Dry eyes after cataract surgery
Dry or gritty eyes is a common symptom after your procedure. This is usually managed with eye drops.
Eye pain after cataract surgery
Serious pain may be a sign of an infection or other complications. You should contact your surgeon to find the best treatment.
Double vision after cataract surgery
Double vision can have many causes but is often a result of your brain getting used to its new visual acuity. It will likely go away in a few days.
Endophthalmitis is an infection of the fluids of your inner eye. It’s thought to occur in only 0.05 to 0.30 percent of cataract surgeries.
Anytime you’re administered anesthesia, it’s possible to have an allergic reaction. Severe reactions are relatively rare.
Insurance may cover the cost of your surgery if it’s deemed medically necessary. Prices for cataract surgery vary based on location and the surgical technique.
Out of pocket, the American Academy of Ophthalmology reported in 2014 that this procedure could cost roughly $2,500 for the surgeon fee, hospital fees, postoperative care, and anesthesiologist fees. This may mean it’s more expensive now. You can contact ophthalmologists in your area to get a more exact figure.
Does Medicare cover cataract surgery?
Medicare covers the cost of cataract surgery if the procedure is done with traditional surgical techniques or lasers.
Medicare part B covers 80 percent of the cost for a pair of corrective lenses or contacts needed after the surgery.
According to the National Eye Institute, about 9 out of 10 people can see better after cataract surgery.
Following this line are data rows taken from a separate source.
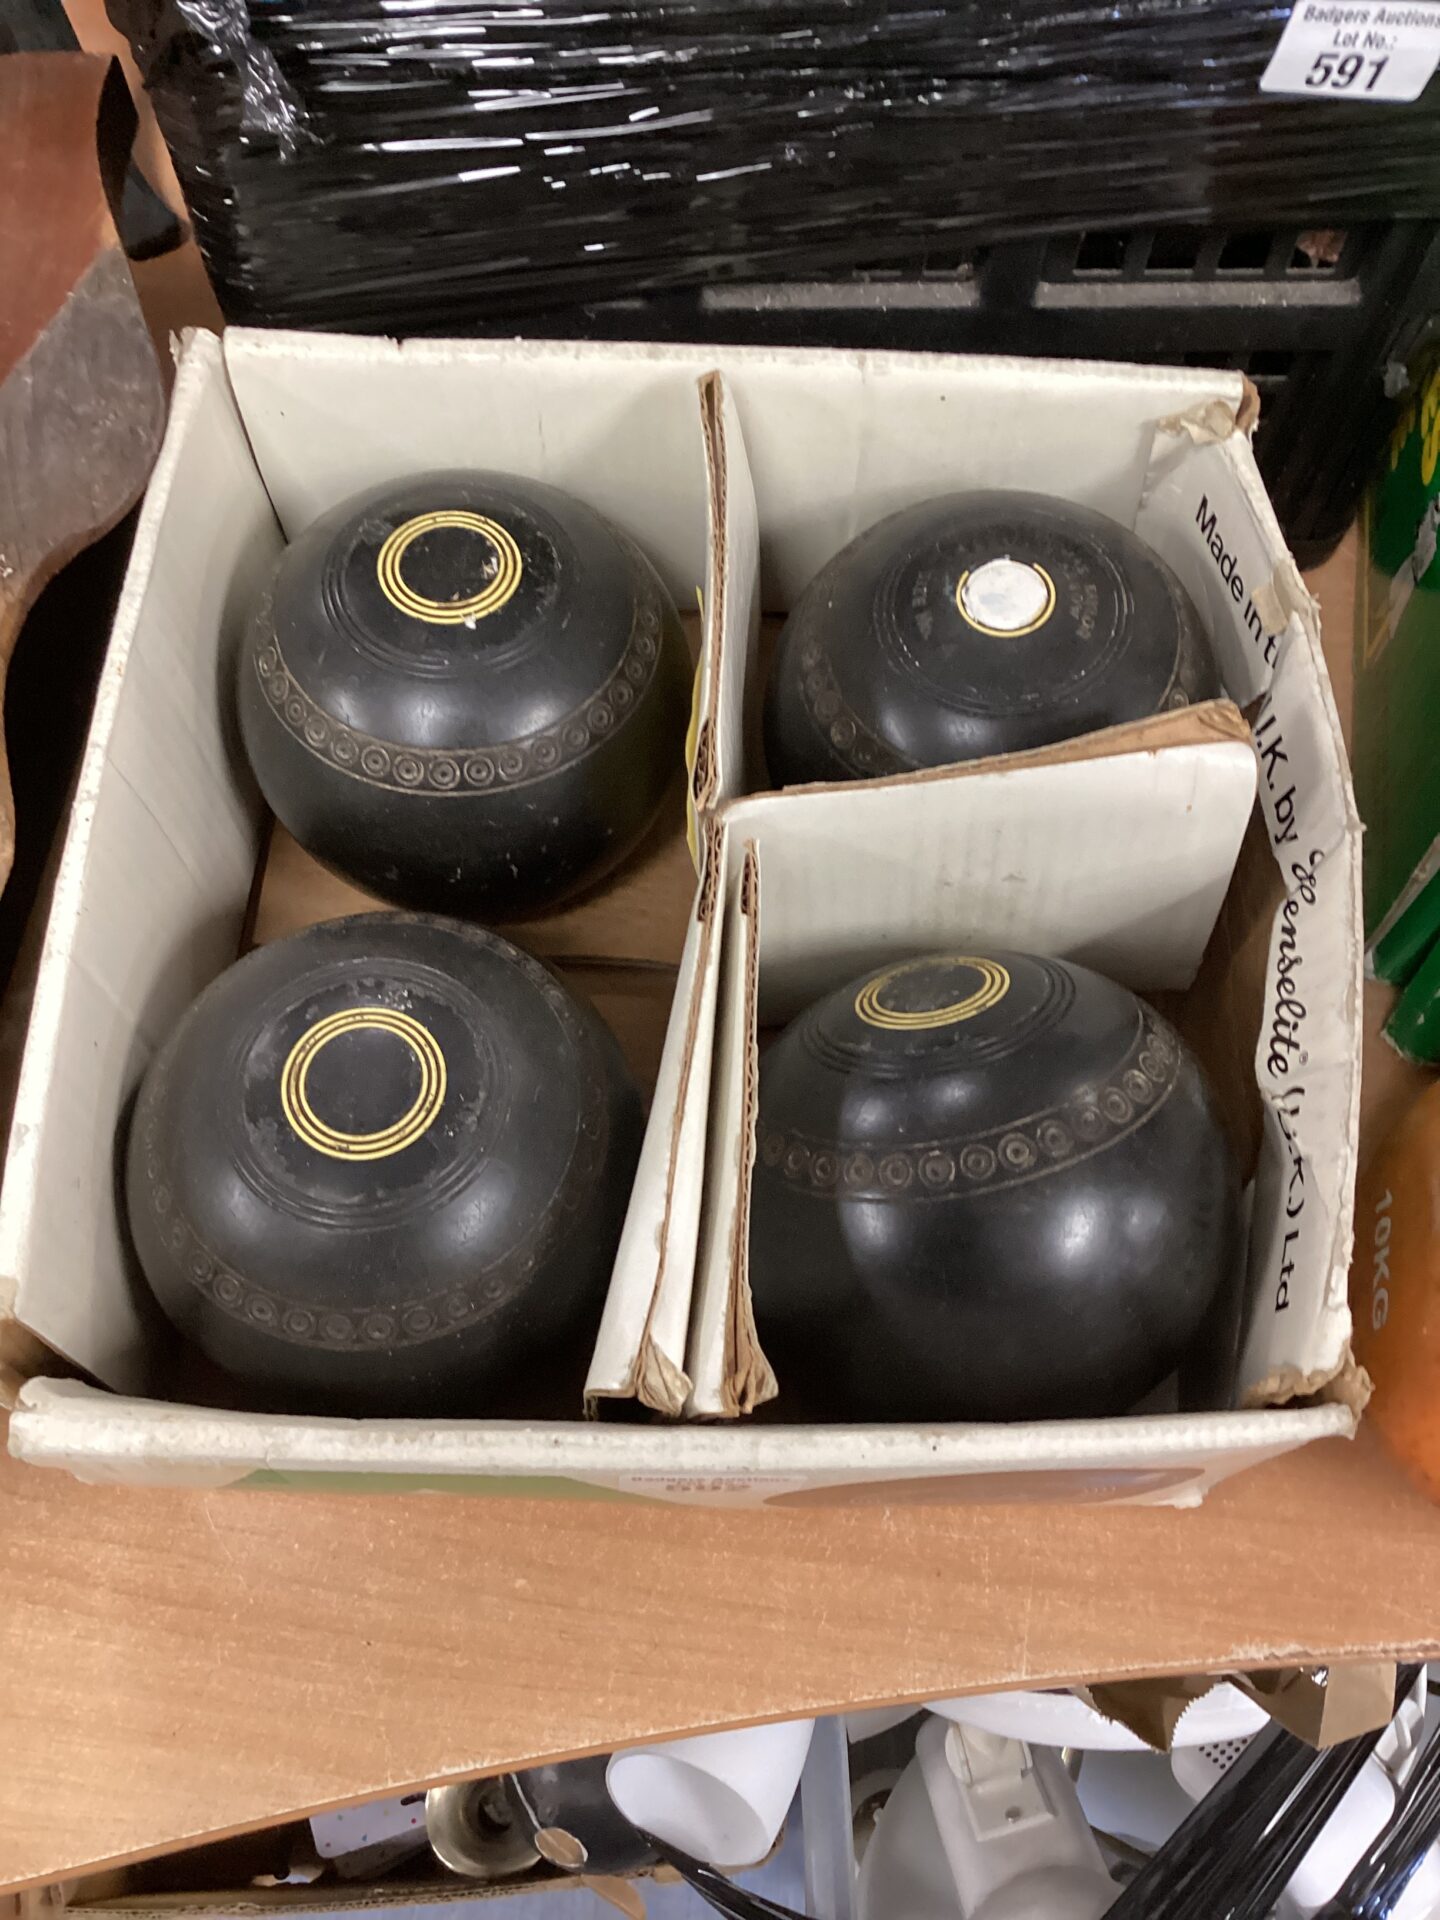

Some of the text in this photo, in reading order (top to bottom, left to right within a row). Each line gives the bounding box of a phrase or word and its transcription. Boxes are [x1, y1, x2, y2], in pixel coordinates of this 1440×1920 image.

[1303, 5, 1371, 26] Badgers
[1333, 29, 1359, 48] Lot
[1304, 53, 1389, 91] 591
[1195, 493, 1244, 603] Made
[1273, 784, 1299, 845] by
[1275, 1228, 1300, 1314] Ltd
[1372, 1188, 1393, 1331] 10KG
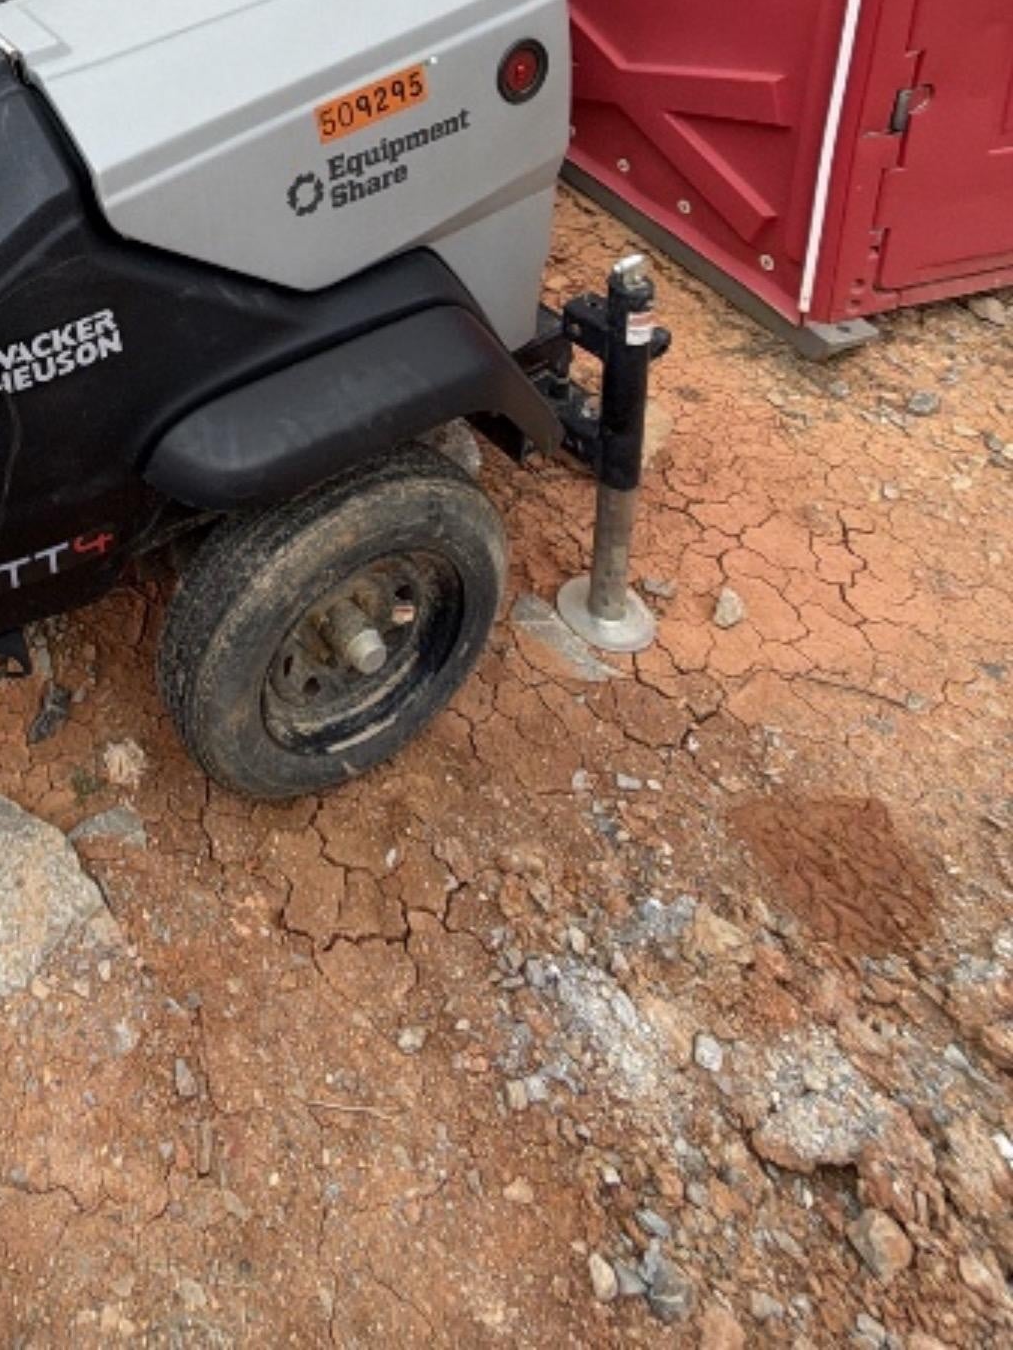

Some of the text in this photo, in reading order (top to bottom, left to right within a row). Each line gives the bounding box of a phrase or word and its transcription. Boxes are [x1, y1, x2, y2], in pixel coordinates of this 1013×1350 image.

[319, 71, 424, 136] 509295
[327, 107, 471, 181] Equipment
[330, 164, 408, 209] Share
The procedure is considered safe and has the potential to return your vision to its pre-cataract sharpness.
About 5 to 50 percent of people will develop posterior capsule opacification and require a second surgery to treat it.
Cataracts are not considered a medical emergency and tend to develop slowly. How long you can safely delay your surgery depends on how fast your cataracts are progressing.
It’s generally best to have the surgery as soon as possible, but if you need to wait, you should talk with a doctor to determine a safe timeframe.
If left untreated, cataracts will continue to progress and may lead to complete blindness.
It’s important for children with congenital cataracts to have them identified and treated as early as possible
Cataract surgery is one of the most common and safest surgeries performed in the United States. The procedure is quick and doesn’t require an overnight stay in a hospital. Medicare and many insurance providers cover the cost.
If you experience vision impairment from cataracts, you may want to ask a doctor if you’re a good candidate for surgery.